====== MATERIAL PROVIDED ======
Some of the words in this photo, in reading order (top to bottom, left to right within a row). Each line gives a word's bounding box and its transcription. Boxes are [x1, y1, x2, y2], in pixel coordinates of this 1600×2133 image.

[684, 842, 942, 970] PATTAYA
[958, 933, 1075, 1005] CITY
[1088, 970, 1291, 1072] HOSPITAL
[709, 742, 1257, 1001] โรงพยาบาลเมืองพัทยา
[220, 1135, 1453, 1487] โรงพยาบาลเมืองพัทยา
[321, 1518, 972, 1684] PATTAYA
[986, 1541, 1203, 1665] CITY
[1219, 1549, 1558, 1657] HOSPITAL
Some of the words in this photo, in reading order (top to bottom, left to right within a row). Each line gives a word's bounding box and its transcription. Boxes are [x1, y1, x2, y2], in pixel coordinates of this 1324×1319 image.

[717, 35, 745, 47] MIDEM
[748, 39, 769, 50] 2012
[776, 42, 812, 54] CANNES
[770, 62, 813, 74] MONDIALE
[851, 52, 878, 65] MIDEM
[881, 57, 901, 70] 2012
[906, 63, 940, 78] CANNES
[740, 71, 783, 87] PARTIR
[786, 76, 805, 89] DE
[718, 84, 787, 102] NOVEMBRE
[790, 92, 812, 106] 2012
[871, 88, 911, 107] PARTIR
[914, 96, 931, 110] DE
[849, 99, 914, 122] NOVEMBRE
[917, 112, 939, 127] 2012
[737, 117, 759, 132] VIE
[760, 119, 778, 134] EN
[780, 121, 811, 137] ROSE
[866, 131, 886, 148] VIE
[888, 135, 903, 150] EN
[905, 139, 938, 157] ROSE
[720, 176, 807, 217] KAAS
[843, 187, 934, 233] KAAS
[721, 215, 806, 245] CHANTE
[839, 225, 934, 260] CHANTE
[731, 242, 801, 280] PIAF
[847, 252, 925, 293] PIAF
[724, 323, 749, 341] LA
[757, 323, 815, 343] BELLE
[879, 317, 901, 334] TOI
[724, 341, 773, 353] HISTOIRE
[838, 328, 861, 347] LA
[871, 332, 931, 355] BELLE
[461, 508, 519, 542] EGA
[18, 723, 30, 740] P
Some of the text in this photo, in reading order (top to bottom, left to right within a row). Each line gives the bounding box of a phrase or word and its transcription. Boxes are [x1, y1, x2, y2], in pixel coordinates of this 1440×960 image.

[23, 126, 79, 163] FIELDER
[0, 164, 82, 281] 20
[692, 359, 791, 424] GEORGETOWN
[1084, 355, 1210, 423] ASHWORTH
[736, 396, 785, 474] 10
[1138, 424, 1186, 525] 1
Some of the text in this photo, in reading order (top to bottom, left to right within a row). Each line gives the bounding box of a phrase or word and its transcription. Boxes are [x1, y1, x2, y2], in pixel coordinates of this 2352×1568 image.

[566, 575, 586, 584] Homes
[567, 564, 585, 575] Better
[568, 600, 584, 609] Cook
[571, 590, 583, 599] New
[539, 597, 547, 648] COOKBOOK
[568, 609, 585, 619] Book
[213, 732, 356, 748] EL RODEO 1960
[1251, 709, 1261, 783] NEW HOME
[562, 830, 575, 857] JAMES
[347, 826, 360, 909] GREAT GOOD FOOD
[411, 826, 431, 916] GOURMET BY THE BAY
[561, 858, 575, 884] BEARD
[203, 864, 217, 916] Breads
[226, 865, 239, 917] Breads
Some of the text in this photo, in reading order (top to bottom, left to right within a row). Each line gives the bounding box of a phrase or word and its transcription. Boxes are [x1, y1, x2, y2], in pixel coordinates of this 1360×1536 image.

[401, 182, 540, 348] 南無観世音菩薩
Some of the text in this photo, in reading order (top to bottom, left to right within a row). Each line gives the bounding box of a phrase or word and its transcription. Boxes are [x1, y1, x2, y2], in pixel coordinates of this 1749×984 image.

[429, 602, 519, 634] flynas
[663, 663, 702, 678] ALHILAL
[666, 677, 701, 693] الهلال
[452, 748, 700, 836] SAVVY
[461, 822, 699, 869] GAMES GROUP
======
PROBLEM TO WORK ON: Could the data above be set down exactly, in full?

SOLUTION FOR THIS TASK:
Some of the words in this photo, in reading order (top to bottom, left to right within a row). Each line gives a word's bounding box and its transcription. Boxes are [x1, y1, x2, y2], in pixel coordinates of this 1600×2133 image.

[684, 842, 942, 970] PATTAYA
[958, 933, 1075, 1005] CITY
[1088, 970, 1291, 1072] HOSPITAL
[709, 742, 1257, 1001] โรงพยาบาลเมืองพัทยา
[220, 1135, 1453, 1487] โรงพยาบาลเมืองพัทยา
[321, 1518, 972, 1684] PATTAYA
[986, 1541, 1203, 1665] CITY
[1219, 1549, 1558, 1657] HOSPITAL
Some of the words in this photo, in reading order (top to bottom, left to right within a row). Each line gives a word's bounding box and its transcription. Boxes are [x1, y1, x2, y2], in pixel coordinates of this 1324×1319 image.

[717, 35, 745, 47] MIDEM
[748, 39, 769, 50] 2012
[776, 42, 812, 54] CANNES
[770, 62, 813, 74] MONDIALE
[851, 52, 878, 65] MIDEM
[881, 57, 901, 70] 2012
[906, 63, 940, 78] CANNES
[740, 71, 783, 87] PARTIR
[786, 76, 805, 89] DE
[718, 84, 787, 102] NOVEMBRE
[790, 92, 812, 106] 2012
[871, 88, 911, 107] PARTIR
[914, 96, 931, 110] DE
[849, 99, 914, 122] NOVEMBRE
[917, 112, 939, 127] 2012
[737, 117, 759, 132] VIE
[760, 119, 778, 134] EN
[780, 121, 811, 137] ROSE
[866, 131, 886, 148] VIE
[888, 135, 903, 150] EN
[905, 139, 938, 157] ROSE
[720, 176, 807, 217] KAAS
[843, 187, 934, 233] KAAS
[721, 215, 806, 245] CHANTE
[839, 225, 934, 260] CHANTE
[731, 242, 801, 280] PIAF
[847, 252, 925, 293] PIAF
[724, 323, 749, 341] LA
[757, 323, 815, 343] BELLE
[879, 317, 901, 334] TOI
[724, 341, 773, 353] HISTOIRE
[838, 328, 861, 347] LA
[871, 332, 931, 355] BELLE
[461, 508, 519, 542] EGA
[18, 723, 30, 740] P
Some of the text in this photo, in reading order (top to bottom, left to right within a row). Each line gives the bounding box of a phrase or word and its transcription. Boxes are [x1, y1, x2, y2], in pixel coordinates of this 1440×960 image.

[23, 126, 79, 163] FIELDER
[0, 164, 82, 281] 20
[692, 359, 791, 424] GEORGETOWN
[1084, 355, 1210, 423] ASHWORTH
[736, 396, 785, 474] 10
[1138, 424, 1186, 525] 1
Some of the text in this photo, in reading order (top to bottom, left to right within a row). Each line gives the bounding box of a phrase or word and its transcription. Boxes are [x1, y1, x2, y2], in pixel coordinates of this 2352×1568 image.

[566, 575, 586, 584] Homes
[567, 564, 585, 575] Better
[568, 600, 584, 609] Cook
[571, 590, 583, 599] New
[539, 597, 547, 648] COOKBOOK
[568, 609, 585, 619] Book
[213, 732, 356, 748] EL RODEO 1960
[1251, 709, 1261, 783] NEW HOME
[562, 830, 575, 857] JAMES
[347, 826, 360, 909] GREAT GOOD FOOD
[411, 826, 431, 916] GOURMET BY THE BAY
[561, 858, 575, 884] BEARD
[203, 864, 217, 916] Breads
[226, 865, 239, 917] Breads
Some of the text in this photo, in reading order (top to bottom, left to right within a row). Each line gives the bounding box of a phrase or word and its transcription. Boxes are [x1, y1, x2, y2], in pixel coordinates of this 1360×1536 image.

[401, 182, 540, 348] 南無観世音菩薩
Some of the text in this photo, in reading order (top to bottom, left to right within a row). Each line gives the bounding box of a phrase or word and its transcription. Boxes are [x1, y1, x2, y2], in pixel coordinates of this 1749×984 image.

[429, 602, 519, 634] flynas
[663, 663, 702, 678] ALHILAL
[666, 677, 701, 693] الهلال
[452, 748, 700, 836] SAVVY
[461, 822, 699, 869] GAMES GROUP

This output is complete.